- [Problem requirements]: Repeat the records verbatim and leave the pictures out of your copy.

[Saved data entries]

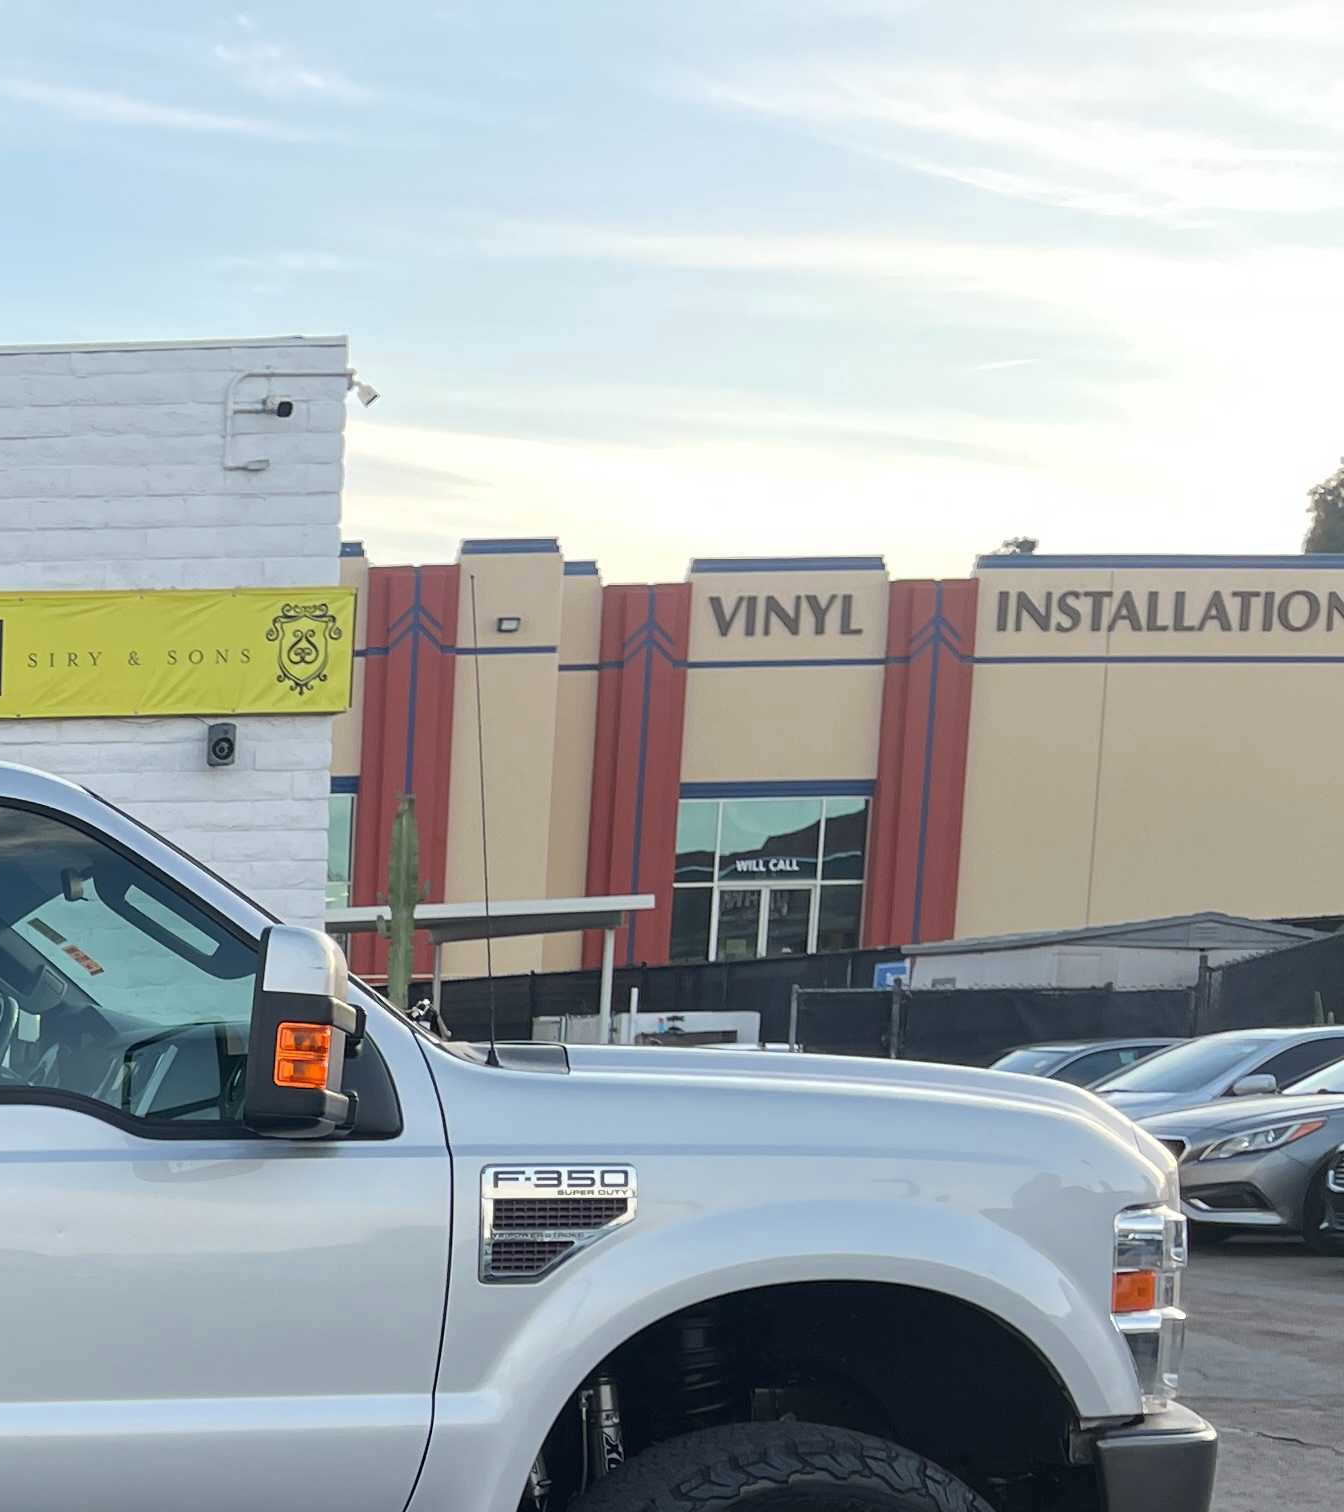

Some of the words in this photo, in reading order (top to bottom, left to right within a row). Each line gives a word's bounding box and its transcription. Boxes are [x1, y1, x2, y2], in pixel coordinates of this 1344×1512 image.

[708, 594, 863, 637] VINYL
[27, 651, 102, 668] SIRY
[127, 651, 141, 666] &
[167, 648, 251, 665] SONS
[735, 859, 766, 872] WILL
[768, 858, 800, 871] CALL
[493, 1170, 629, 1188] F-350

- [Problem solution]:
Some of the words in this photo, in reading order (top to bottom, left to right within a row). Each line gives a word's bounding box and its transcription. Boxes are [x1, y1, x2, y2], in pixel coordinates of this 1344×1512 image.

[708, 594, 863, 637] VINYL
[27, 651, 102, 668] SIRY
[127, 651, 141, 666] &
[167, 648, 251, 665] SONS
[735, 859, 766, 872] WILL
[768, 858, 800, 871] CALL
[493, 1170, 629, 1188] F-350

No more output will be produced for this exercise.